> **Exercise material**:
· · · · ·

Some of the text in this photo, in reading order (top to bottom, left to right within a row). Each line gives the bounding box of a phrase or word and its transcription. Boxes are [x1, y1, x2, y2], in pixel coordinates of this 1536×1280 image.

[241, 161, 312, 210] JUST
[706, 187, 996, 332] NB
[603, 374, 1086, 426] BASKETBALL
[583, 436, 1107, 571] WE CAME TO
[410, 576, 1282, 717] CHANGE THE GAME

· · · · ·

> **To do**: Restate the whole listing exactly, leaving out nothing.

> **Response**:
Some of the text in this photo, in reading order (top to bottom, left to right within a row). Each line gives the bounding box of a phrase or word and its transcription. Boxes are [x1, y1, x2, y2], in pixel coordinates of this 1536×1280 image.

[241, 161, 312, 210] JUST
[706, 187, 996, 332] NB
[603, 374, 1086, 426] BASKETBALL
[583, 436, 1107, 571] WE CAME TO
[410, 576, 1282, 717] CHANGE THE GAME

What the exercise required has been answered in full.